5. See also Tr. 253 (reporting same after September 22, 2008 visit); Tr. 261 (reporting same after February 26, 2008 visit); Tr. 265 (reporting same after December 19, 2007 visit); Tr. 267 (reporting same after November 16, 2007 visit). Some progress notes reporting that Plaintiff was disabled appear to have been written by a nurse practitioner under Dr. Appel's supervision. See Tr. 263 (progress notes from nurse practitioner Teresa Orton reporting total disability after January 18, 2008 visit). Tr. 259 (progress notes from nurse practitioner Teresa Orton reporting same after May 19, 2008 visit).

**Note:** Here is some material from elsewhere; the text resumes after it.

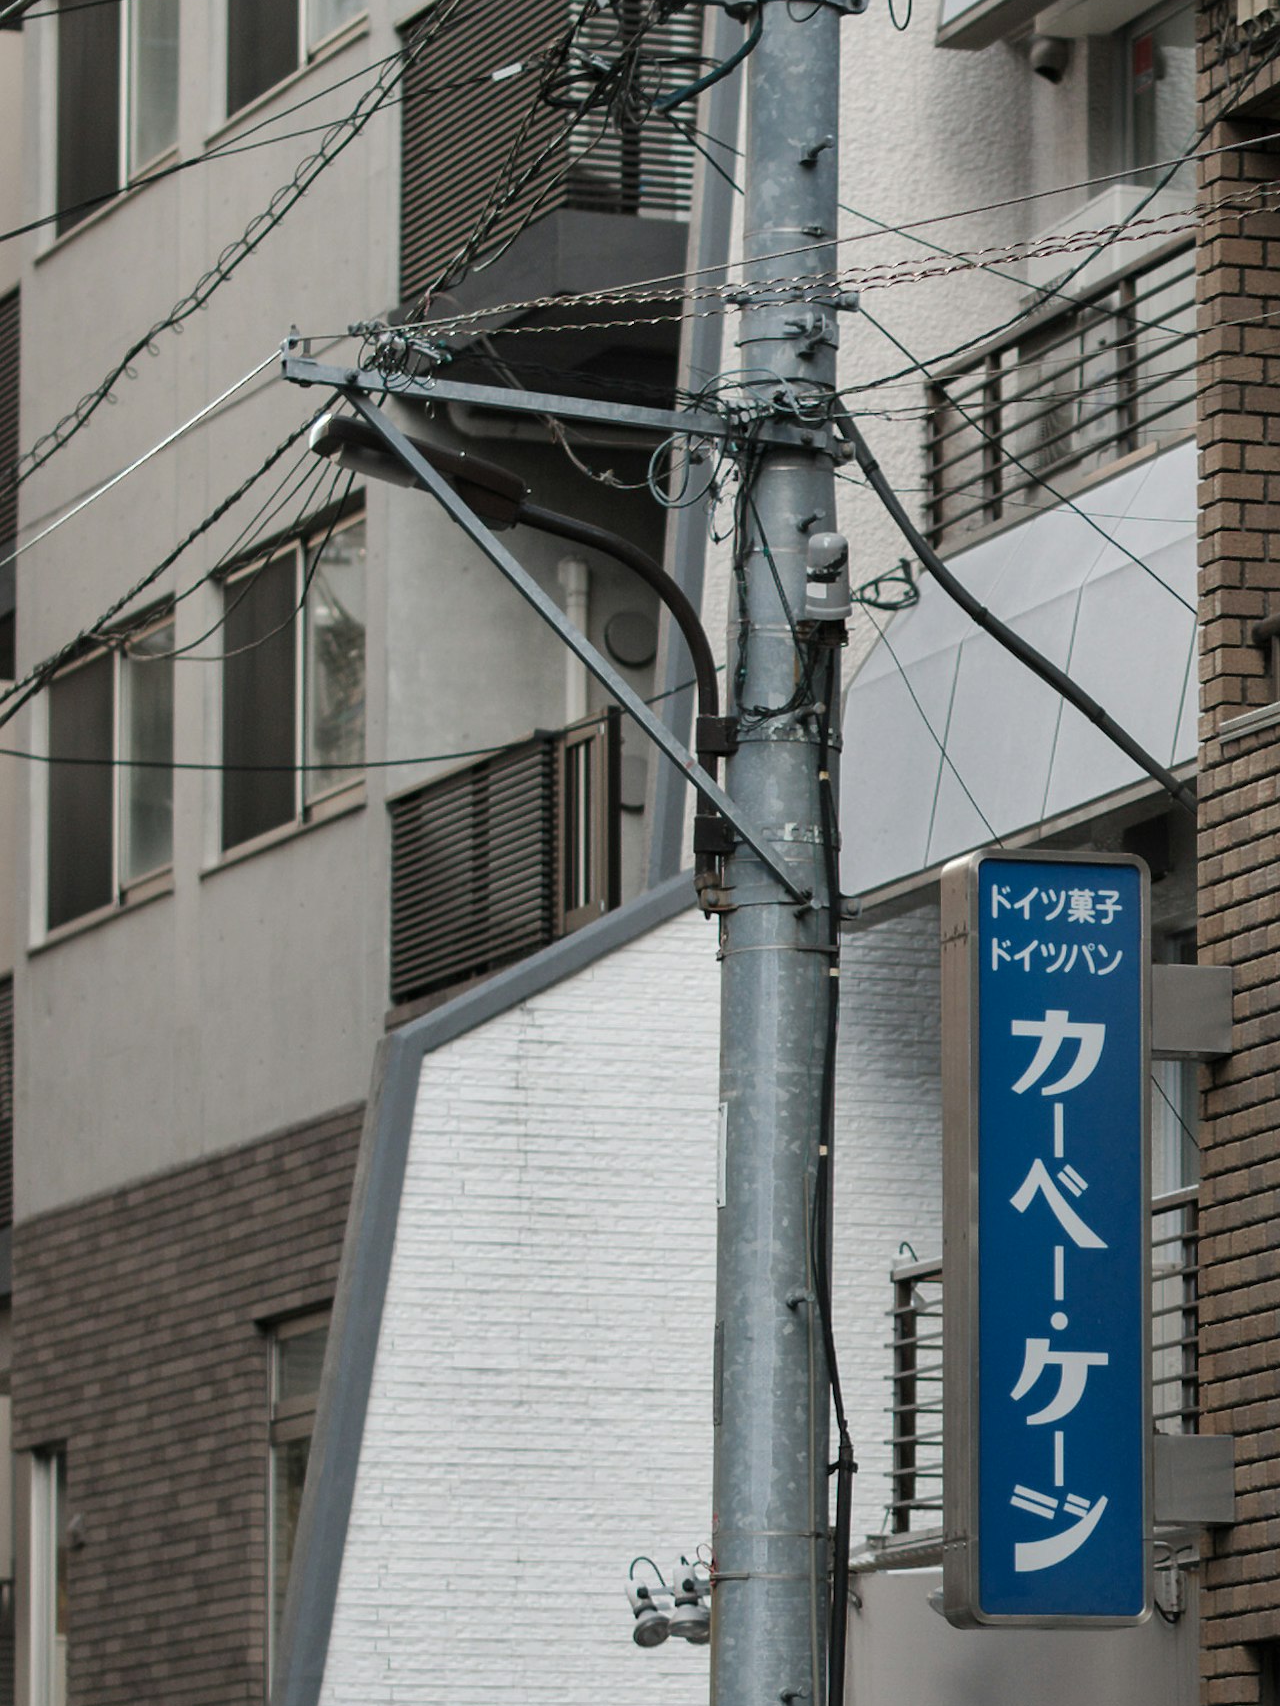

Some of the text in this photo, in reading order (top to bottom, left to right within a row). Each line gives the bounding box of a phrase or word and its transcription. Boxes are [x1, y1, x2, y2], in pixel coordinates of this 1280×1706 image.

[990, 884, 1123, 926] ドイツ菓子
[990, 938, 1123, 977] ドイツパン
[1009, 1009, 1109, 1572] カーベー・ケージ

6. See also Tr. 251 (treatment plan of scheduling a follow up and continuing pain medication after October 16, 2007); Tr. 267 (treatment plan of physical therapy and scheduling a follow up in 1 month after November 16, 2007 visit); Tr. 263 (treatment plan of offering reassurance, referring for physical therapy, continuing pain medication, and ordering an MRI after January 18, 2008 visit); Tr. 261 (treatment plan of referring for physical therapy, continuing pain medication, and scheduling follow-up in 1 month after February 26, 2008 visit); Tr. 259 (treatment plan of offering reassurance, referring for physical therapy, continuing pain medication, and scheduling a follow-up in 6 weeks after May 19, 2008 visit); Tr. 255 (treatment plan of offering reassurance, continuing pain medication, and scheduling a follow-up appointment in 6 weeks after August 5, 2008 visit); Tr. 253 (same treatment plan after September 22, 2008 visit).
7. See also Tr. 369 (same treatment plan after February 4, 2009 visit); Tr. 371 (same treatment plan, with the addition of continuing physical therapy, following February 27, 2009, visit). Tr. 373 (same treatment plan following March 26, 2009, visit).